* **Data to use**:
——————

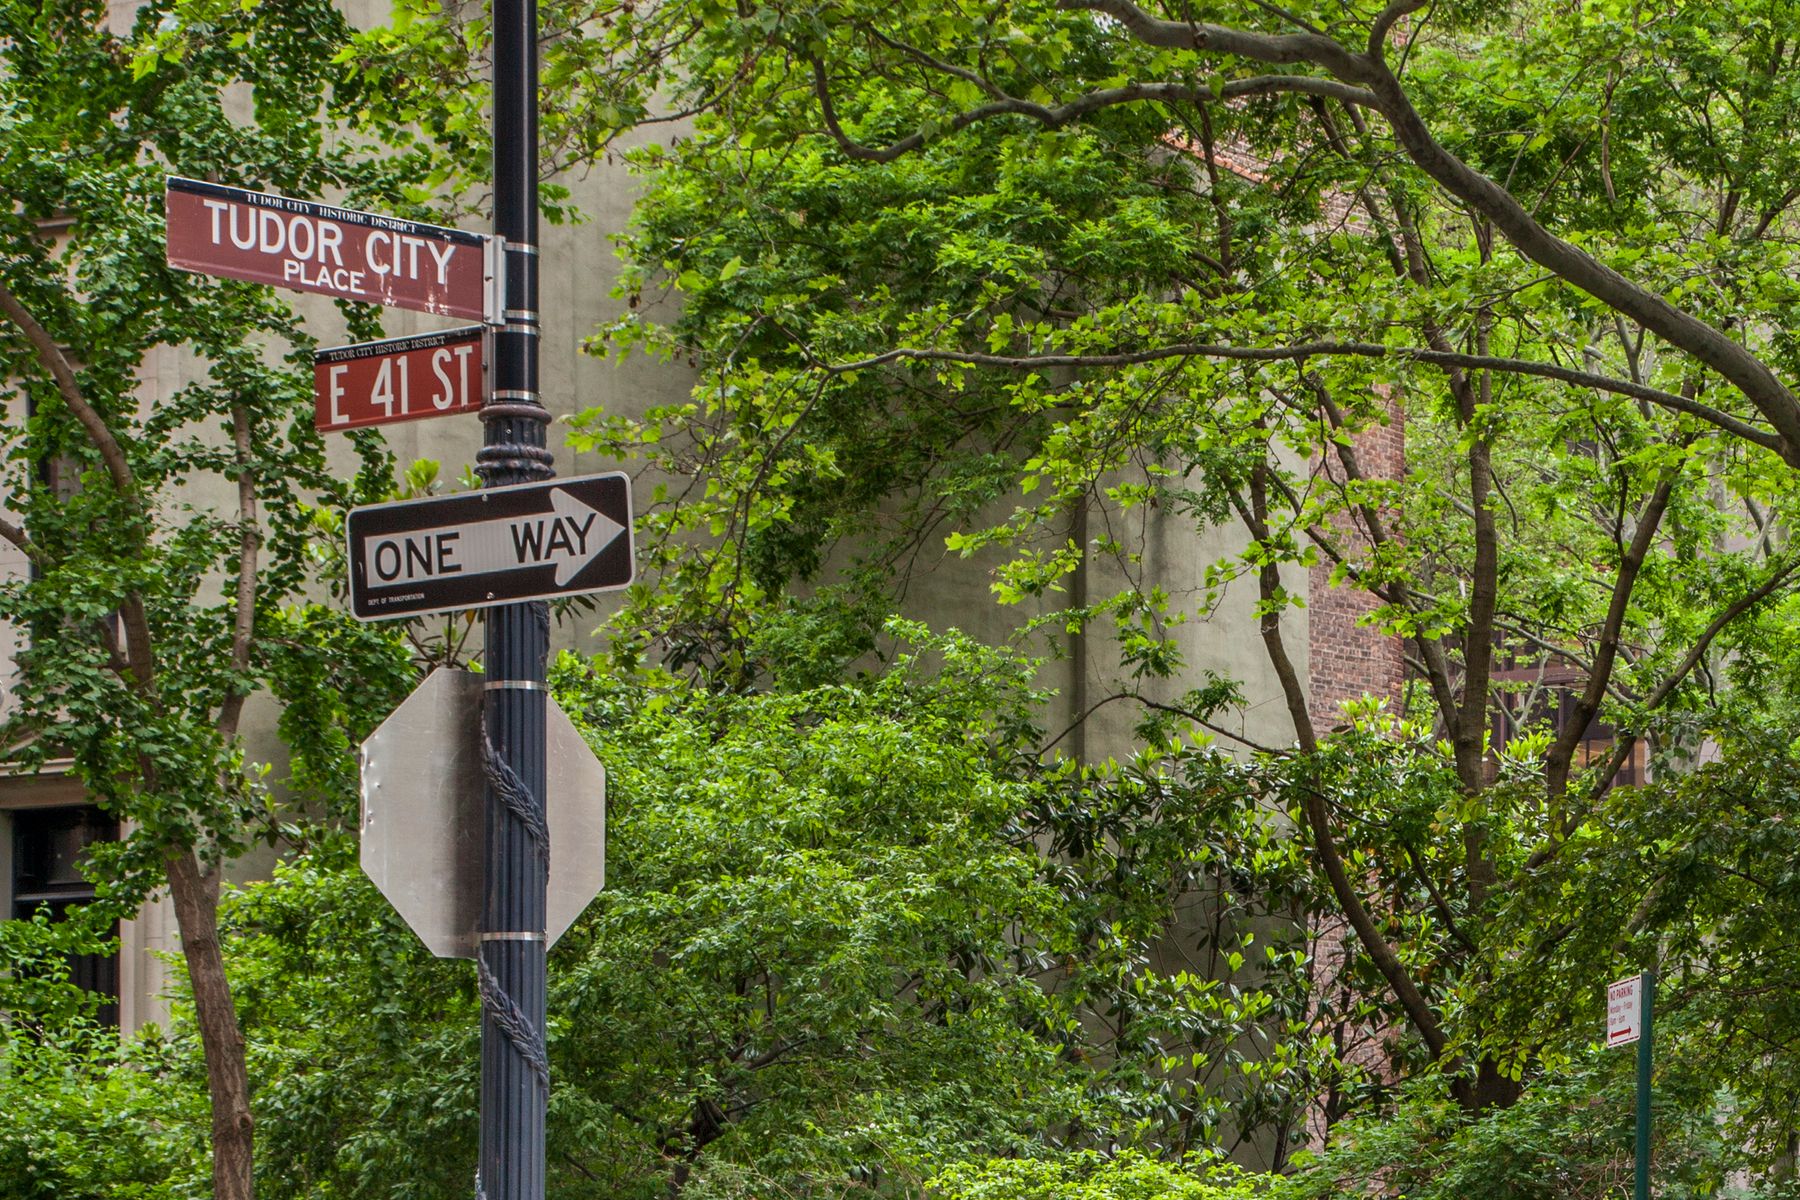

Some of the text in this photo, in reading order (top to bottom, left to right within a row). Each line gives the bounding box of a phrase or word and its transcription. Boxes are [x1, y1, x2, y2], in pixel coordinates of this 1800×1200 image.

[246, 193, 418, 234] TUDOR CITY HISTORIC DISTRICT
[203, 199, 456, 285] TUDOR CITY
[284, 259, 365, 295] PLACE
[329, 335, 446, 361] TUDOR CITY HISTORIC DISTRICT
[329, 345, 473, 425] E 41 ST
[374, 512, 597, 581] ONE WAY
[1616, 985, 1632, 998] PARKING

——————

Retype the data above exactly; pictures are not part of the copy.

* **Written response**:
Some of the text in this photo, in reading order (top to bottom, left to right within a row). Each line gives the bounding box of a phrase or word and its transcription. Boxes are [x1, y1, x2, y2], in pixel coordinates of this 1800×1200 image.

[246, 193, 418, 234] TUDOR CITY HISTORIC DISTRICT
[203, 199, 456, 285] TUDOR CITY
[284, 259, 365, 295] PLACE
[329, 335, 446, 361] TUDOR CITY HISTORIC DISTRICT
[329, 345, 473, 425] E 41 ST
[374, 512, 597, 581] ONE WAY
[1616, 985, 1632, 998] PARKING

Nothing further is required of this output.